(Saved data entries)
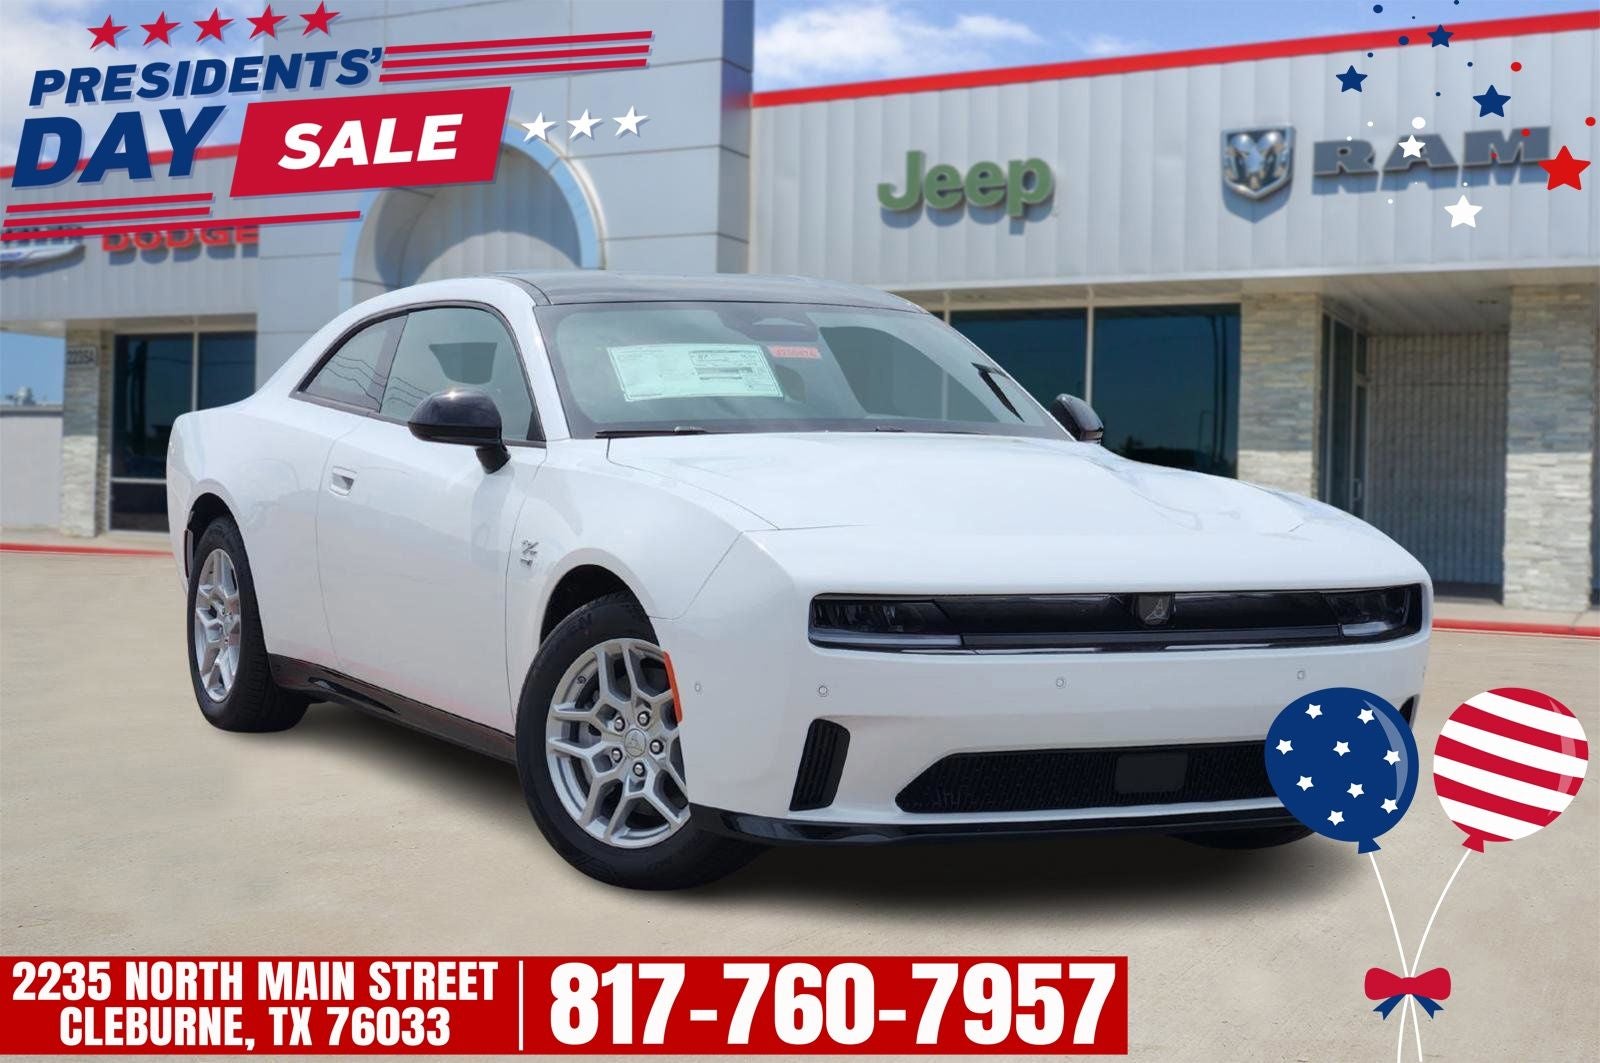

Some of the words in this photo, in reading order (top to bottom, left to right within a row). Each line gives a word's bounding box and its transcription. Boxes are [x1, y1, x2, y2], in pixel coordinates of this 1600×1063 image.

[1313, 126, 1551, 175] RAM
[877, 150, 1054, 217] Jeep
[102, 224, 259, 253] DODGE
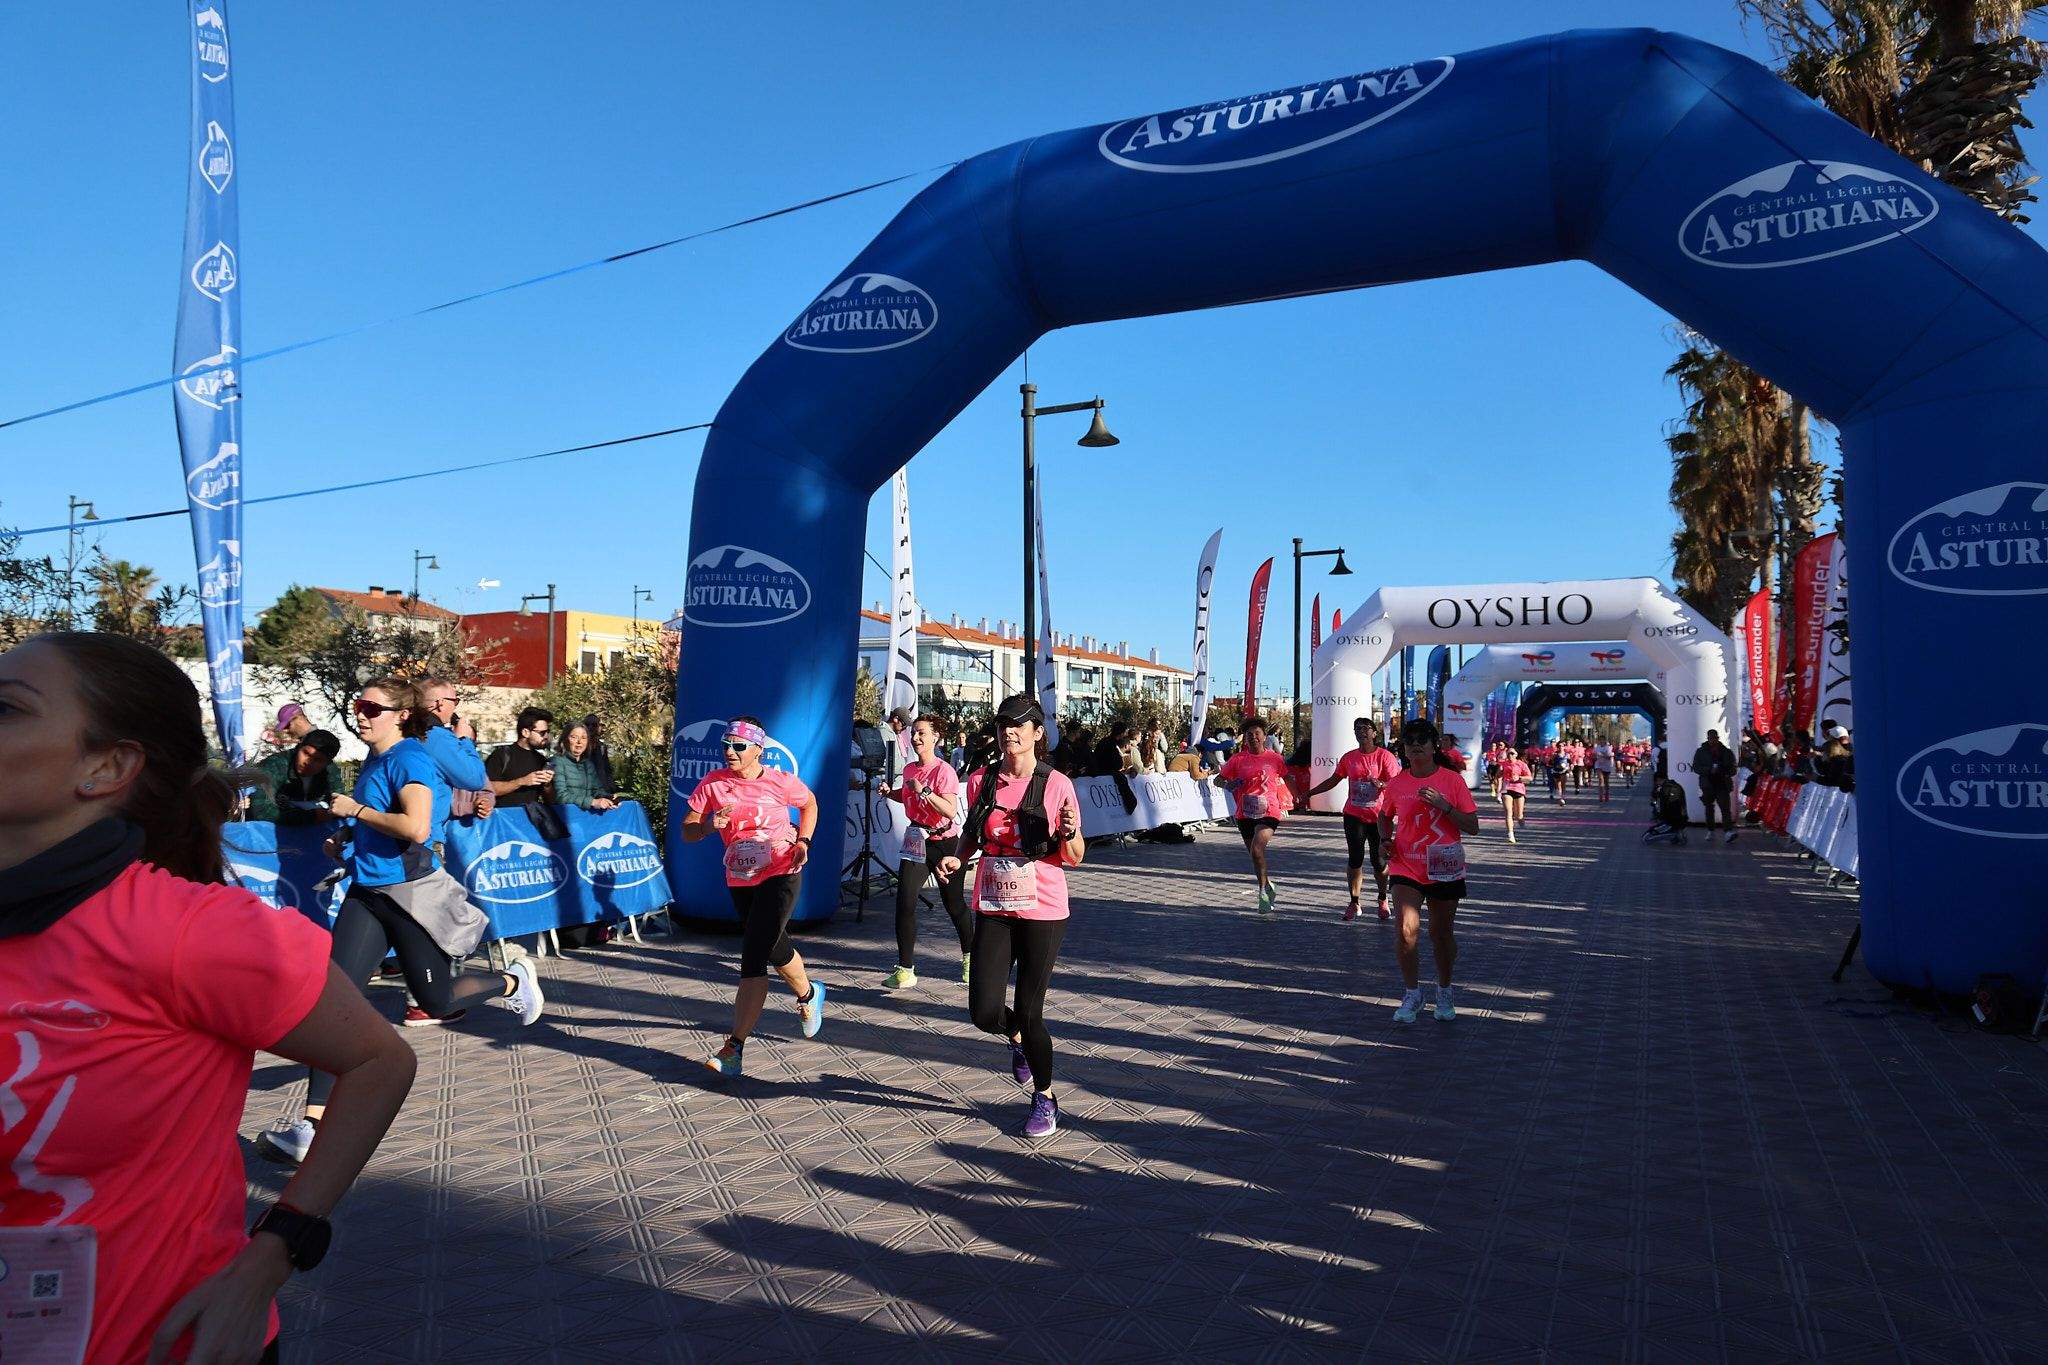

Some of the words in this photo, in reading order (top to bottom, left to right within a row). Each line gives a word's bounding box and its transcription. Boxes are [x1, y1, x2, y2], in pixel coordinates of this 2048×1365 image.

[1120, 66, 1424, 154] ASTURIANA
[1733, 192, 1818, 217] CENTRAL
[1826, 184, 1908, 199] LECHERA
[1698, 196, 1925, 255] ASTURIANA
[816, 298, 860, 314] CENTRAL
[864, 295, 919, 306] LECHERA
[790, 308, 926, 340] ASTURIANA
[1941, 521, 2031, 537] CENTRAL
[1903, 531, 2048, 573] ASTUR
[694, 573, 733, 582] CENTRAL
[738, 573, 794, 586] LECHERA
[686, 577, 798, 610] ASTURIANA
[1428, 594, 1593, 629] OYSHO
[1336, 635, 1382, 646] OYSHO
[1645, 624, 1699, 638] OYSHO
[1752, 612, 1763, 686] Santander
[1315, 696, 1358, 707] OYSHO
[1558, 691, 1632, 699] VOLVO
[1951, 763, 2042, 774] CENTRAL
[1090, 784, 1122, 809] OYSH
[1145, 778, 1183, 804] OYSHO
[586, 854, 661, 878] ASTURIANA
[737, 856, 756, 866] 016
[474, 866, 563, 892] ASTURIANA
[996, 880, 1018, 891] 016
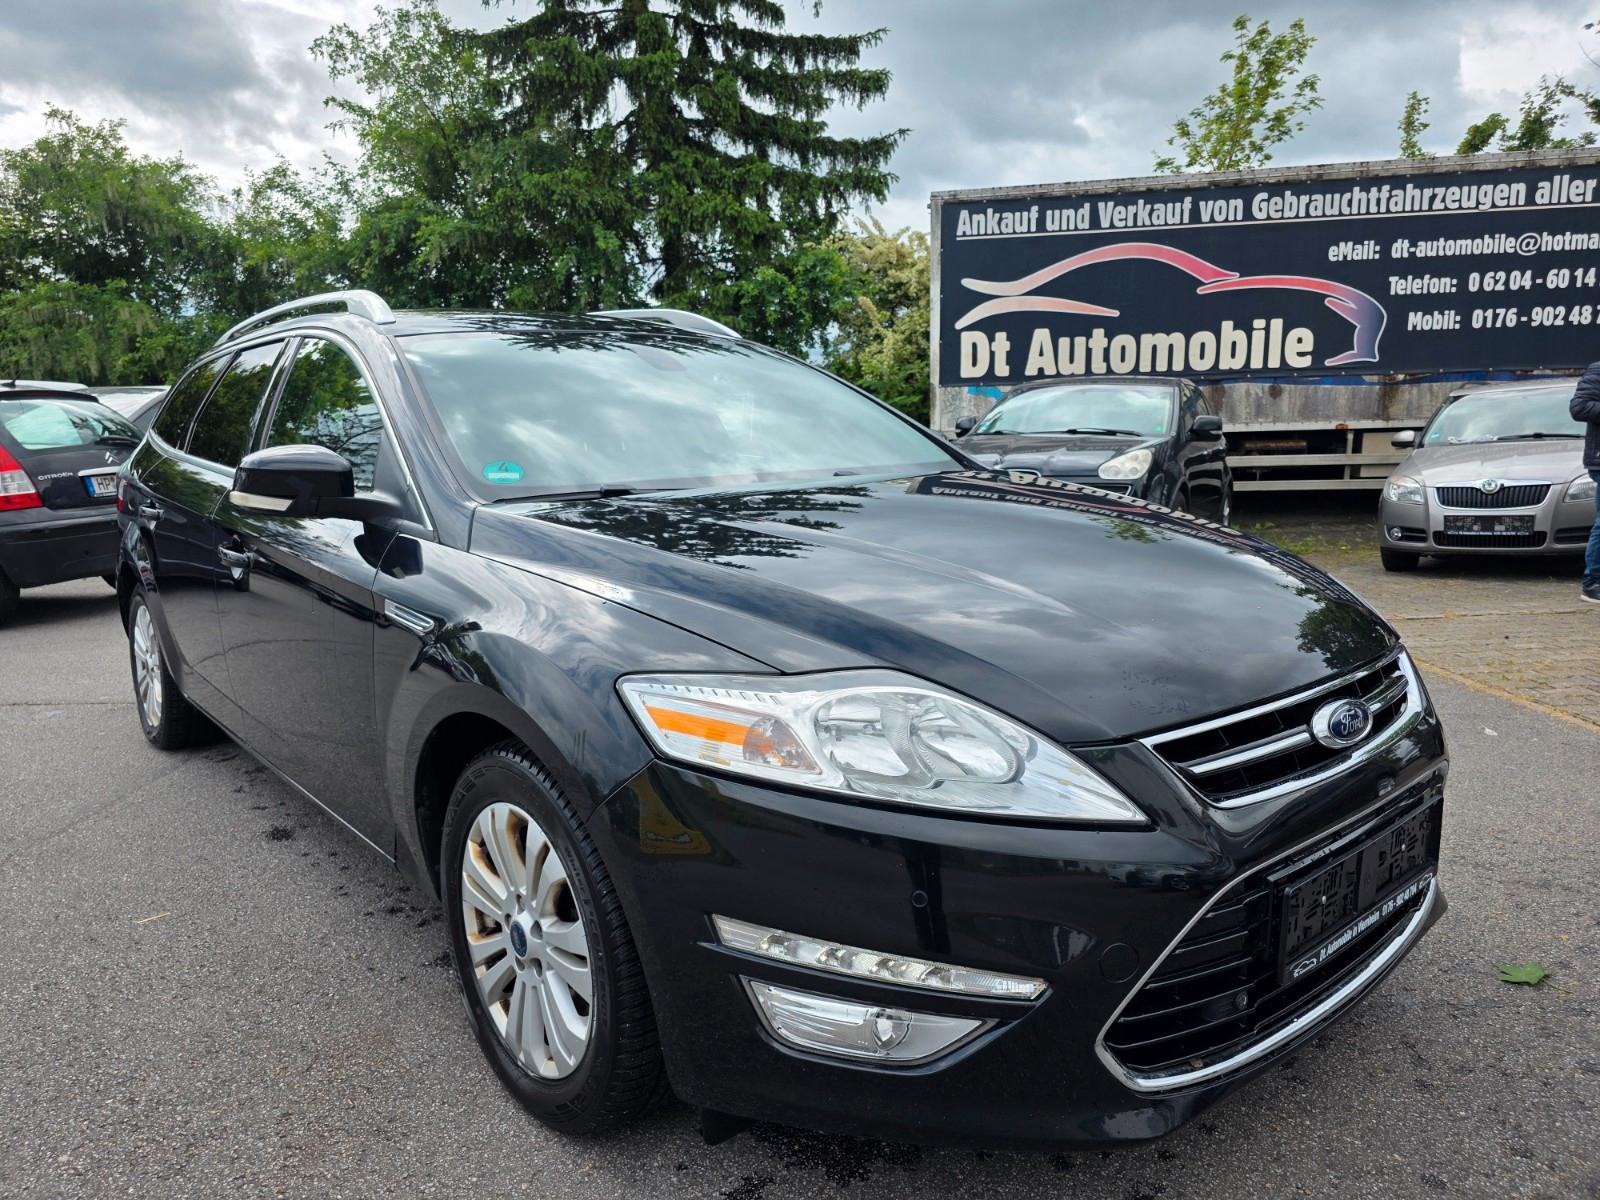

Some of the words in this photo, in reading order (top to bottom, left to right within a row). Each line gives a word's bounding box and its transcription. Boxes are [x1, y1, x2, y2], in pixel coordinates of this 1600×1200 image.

[956, 205, 1039, 236] Ankauf
[1045, 203, 1091, 231] und
[1098, 197, 1193, 229] Verkauf
[1199, 198, 1244, 223] von
[1251, 181, 1527, 220] Gebrauchtfahrzeugen
[1535, 174, 1597, 205] aller
[1328, 240, 1381, 262] eMail:
[1391, 232, 1600, 259] dt-automobile@hotma
[1389, 275, 1458, 295] Telefon:
[1407, 310, 1461, 331] Mobil:
[1471, 307, 1518, 329] 0176
[1531, 305, 1566, 327] 902
[1568, 305, 1593, 326] 48
[960, 331, 1012, 379] Dt
[1024, 318, 1315, 376] Automobile
[96, 477, 112, 491] HP
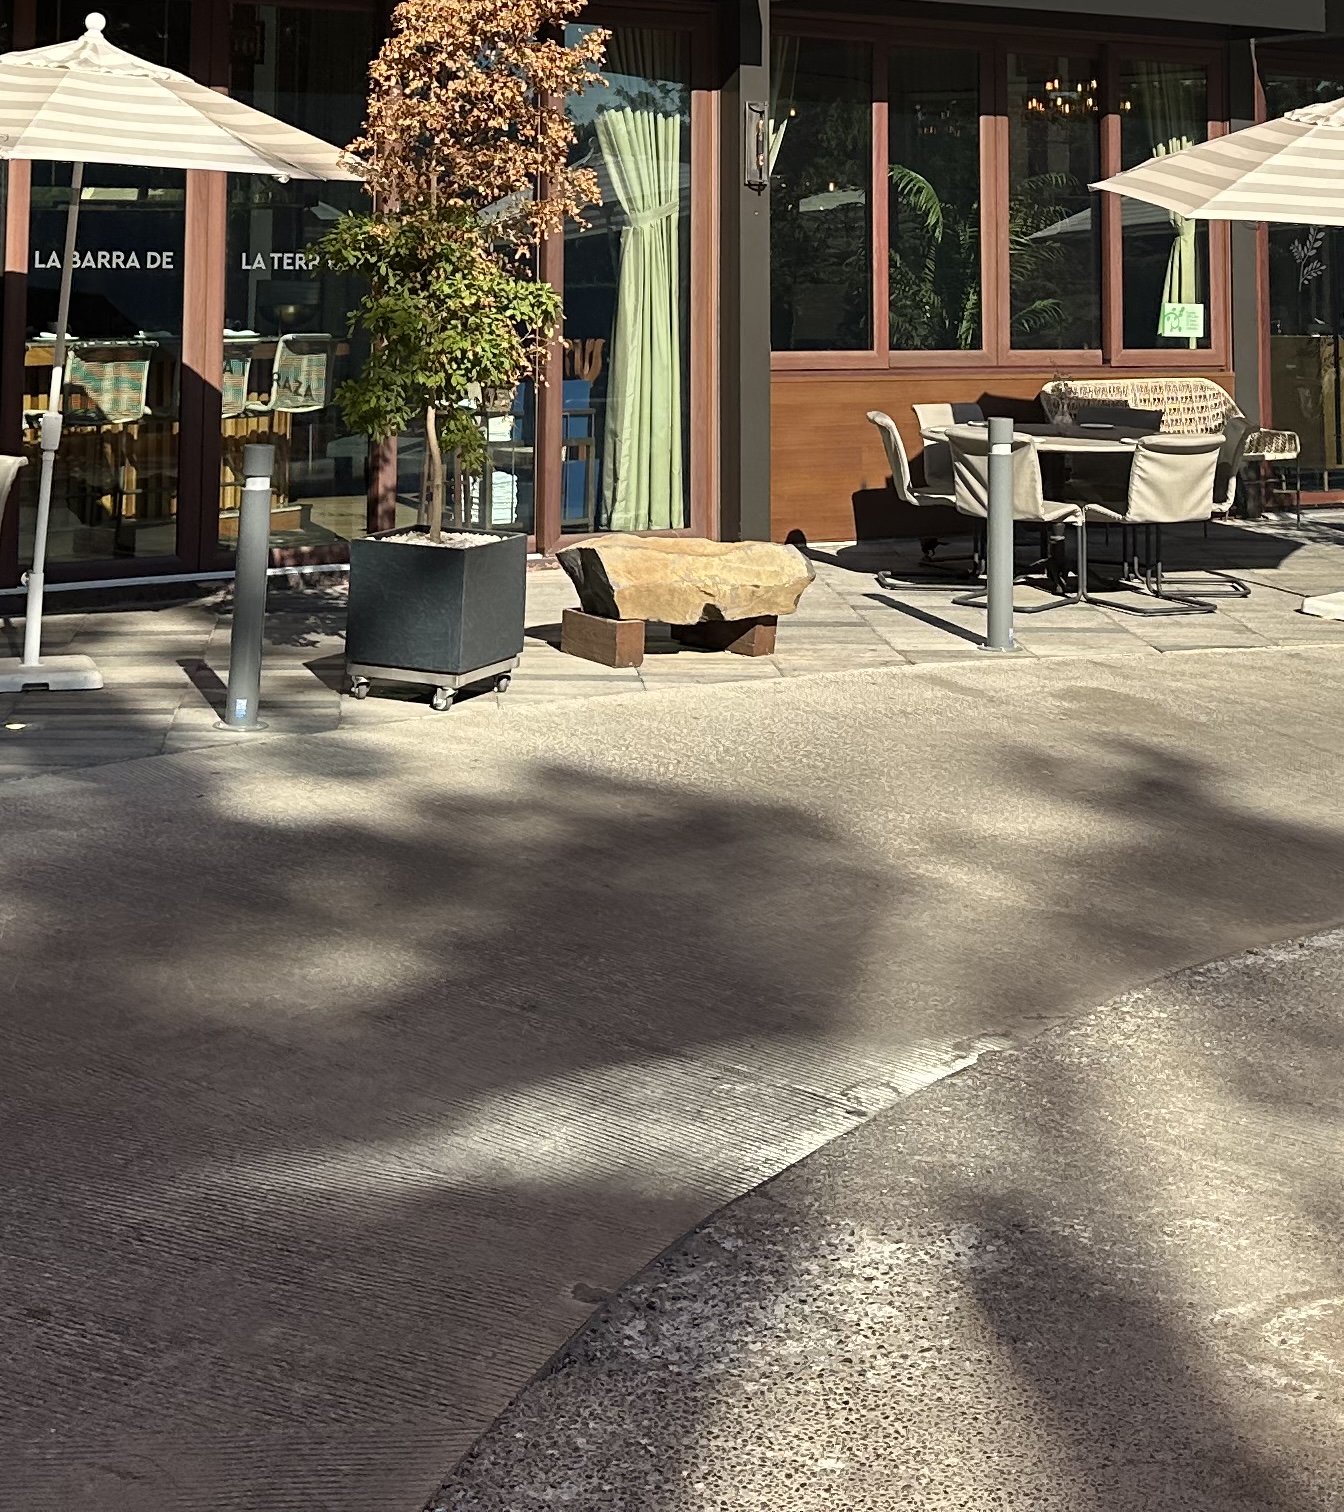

WHAT TO WORK ON
Return the records word for word, leaving every picture out of the copy.

SOLVED PROBLEM
Some of the words in this photo, in reading order (top to bottom, left to right within a row). Each line gives a word's bounding box and its transcription. Boxes are [x1, y1, x2, y2], in pixel coordinates of this 1600×1063 image.

[1313, 126, 1551, 175] RAM
[877, 150, 1054, 217] Jeep
[102, 224, 259, 253] DODGE

Some of the words in this photo, in reading order (top to bottom, left to right within a row). Each line gives a word's bounding box and its transcription. Boxes are [x1, y1, x2, y2], in pixel coordinates of this 2048×1365 image.

[1120, 66, 1424, 154] ASTURIANA
[1733, 192, 1818, 217] CENTRAL
[1826, 184, 1908, 199] LECHERA
[1698, 196, 1925, 255] ASTURIANA
[816, 298, 860, 314] CENTRAL
[864, 295, 919, 306] LECHERA
[790, 308, 926, 340] ASTURIANA
[1941, 521, 2031, 537] CENTRAL
[1903, 531, 2048, 573] ASTUR
[694, 573, 733, 582] CENTRAL
[738, 573, 794, 586] LECHERA
[686, 577, 798, 610] ASTURIANA
[1428, 594, 1593, 629] OYSHO
[1336, 635, 1382, 646] OYSHO
[1645, 624, 1699, 638] OYSHO
[1752, 612, 1763, 686] Santander
[1315, 696, 1358, 707] OYSHO
[1558, 691, 1632, 699] VOLVO
[1951, 763, 2042, 774] CENTRAL
[1090, 784, 1122, 809] OYSH
[1145, 778, 1183, 804] OYSHO
[586, 854, 661, 878] ASTURIANA
[737, 856, 756, 866] 016
[474, 866, 563, 892] ASTURIANA
[996, 880, 1018, 891] 016

Some of the words in this photo, in reading order (top to bottom, left to right within a row). Each line gives a word's bounding box and its transcription. Boxes are [x1, y1, x2, y2], in pixel coordinates of this 1600×1200 image.

[956, 205, 1039, 236] Ankauf
[1045, 203, 1091, 231] und
[1098, 197, 1193, 229] Verkauf
[1199, 198, 1244, 223] von
[1251, 181, 1527, 220] Gebrauchtfahrzeugen
[1535, 174, 1597, 205] aller
[1328, 240, 1381, 262] eMail:
[1391, 232, 1600, 259] dt-automobile@hotma
[1389, 275, 1458, 295] Telefon:
[1407, 310, 1461, 331] Mobil:
[1471, 307, 1518, 329] 0176
[1531, 305, 1566, 327] 902
[1568, 305, 1593, 326] 48
[960, 331, 1012, 379] Dt
[1024, 318, 1315, 376] Automobile
[96, 477, 112, 491] HP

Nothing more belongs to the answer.